## [Exercise goal]
Please give every line below again exactly, but not its pictures.

(Saved data entries)

■ ■ ■ ■ ■

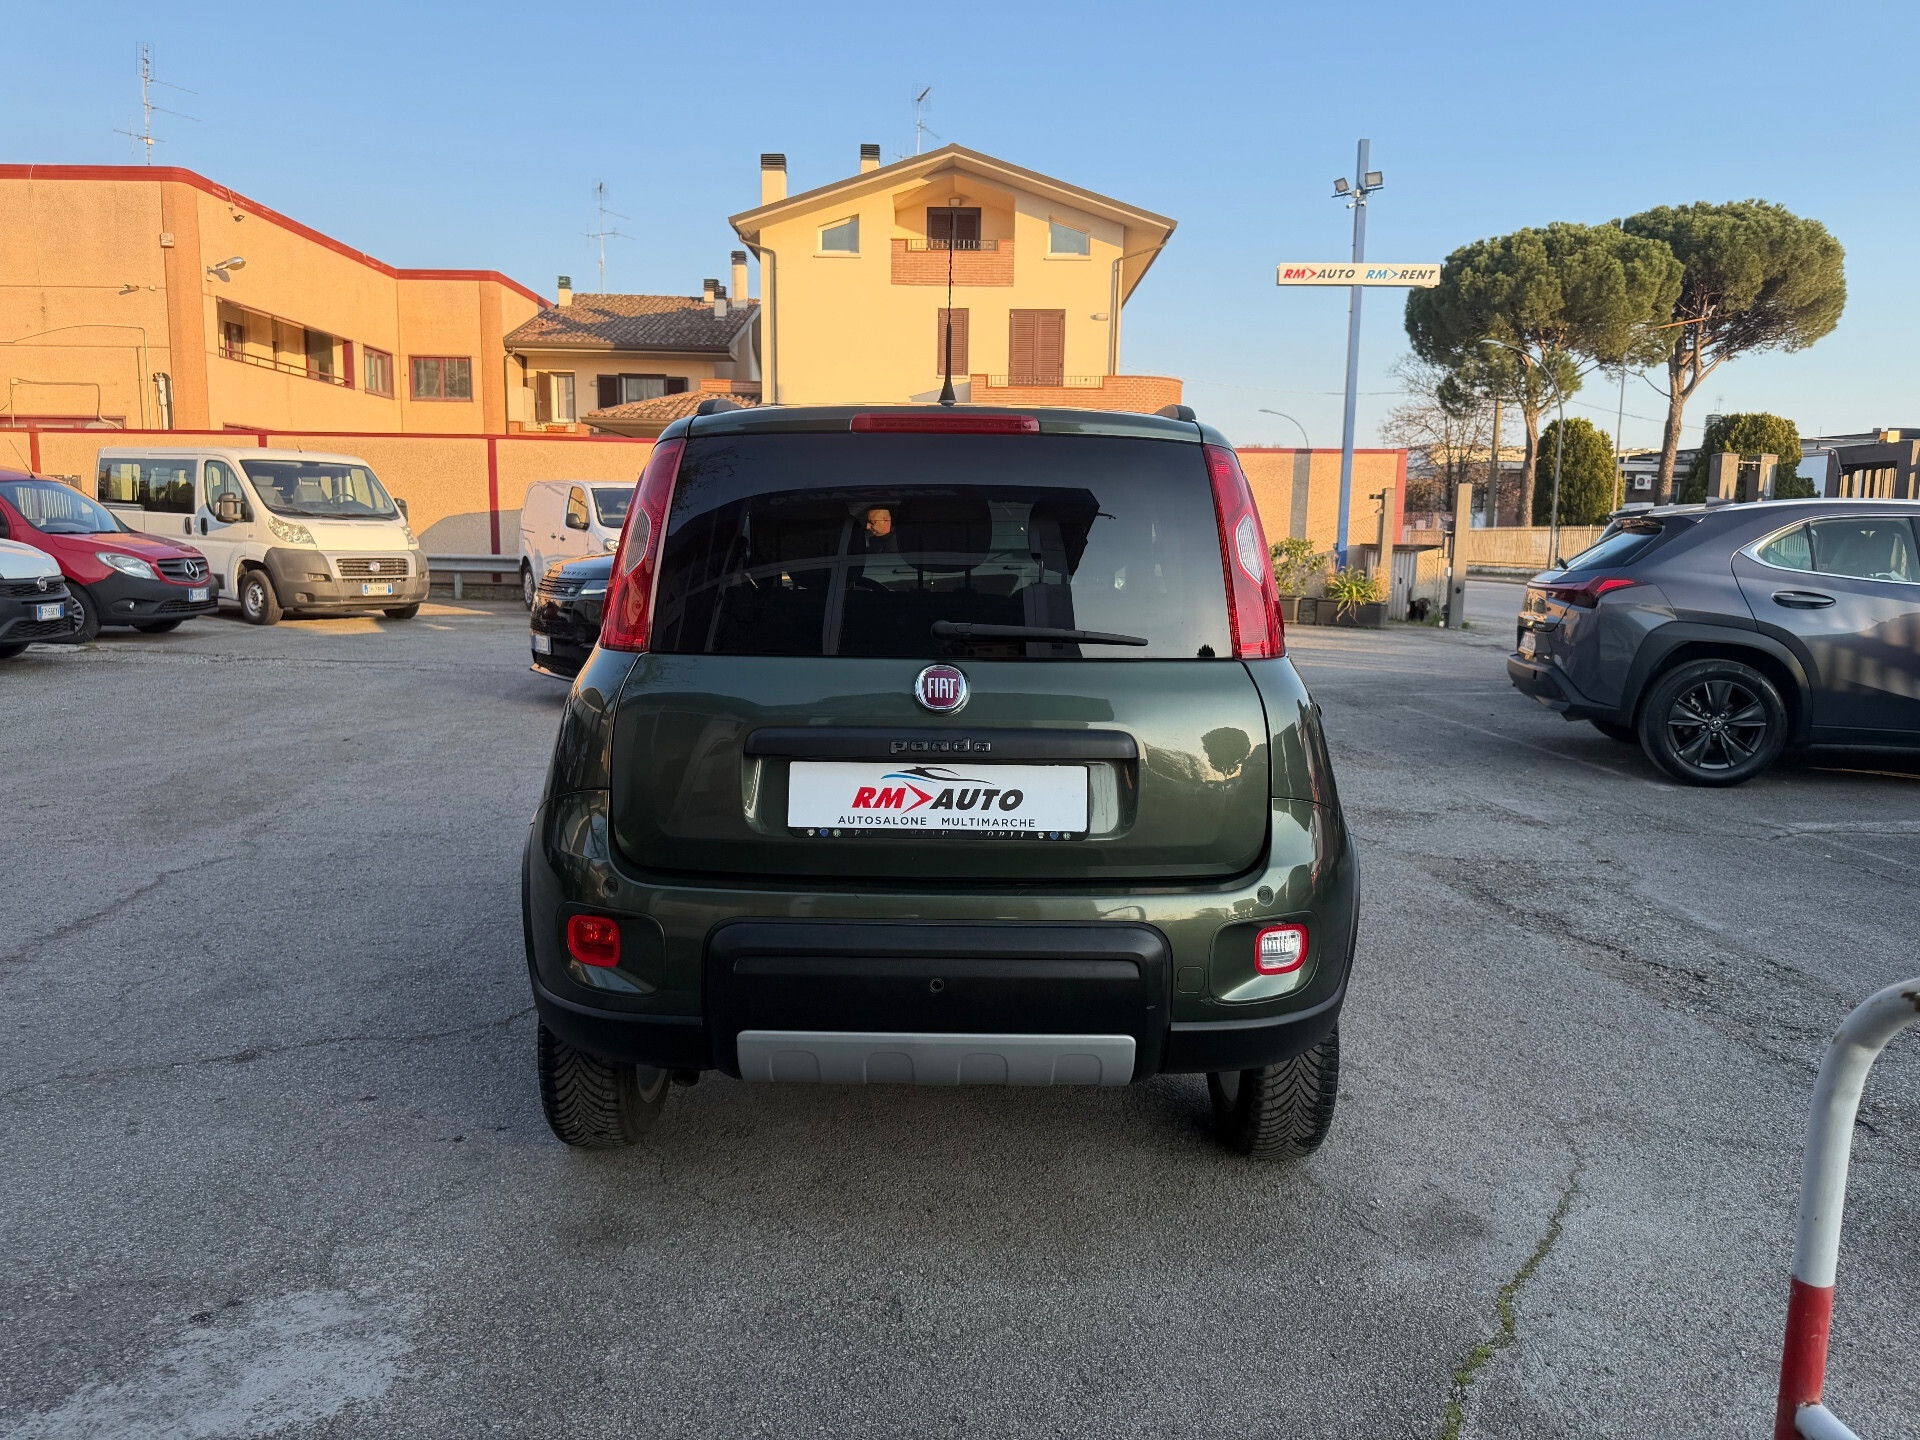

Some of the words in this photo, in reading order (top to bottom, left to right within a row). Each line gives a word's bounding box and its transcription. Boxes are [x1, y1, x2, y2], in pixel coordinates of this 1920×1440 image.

[927, 677, 957, 699] FIAT
[889, 737, 992, 755] panda
[929, 788, 1024, 812] AUTO
[837, 815, 927, 826] AUTOSALONE
[941, 817, 1036, 828] MULTIMARCHE

■ ■ ■ ■ ■

## [Answer to the problem]
Some of the words in this photo, in reading order (top to bottom, left to right within a row). Each line gives a word's bounding box and its transcription. Boxes are [x1, y1, x2, y2], in pixel coordinates of this 1920×1440 image.

[927, 677, 957, 699] FIAT
[889, 737, 992, 755] panda
[929, 788, 1024, 812] AUTO
[837, 815, 927, 826] AUTOSALONE
[941, 817, 1036, 828] MULTIMARCHE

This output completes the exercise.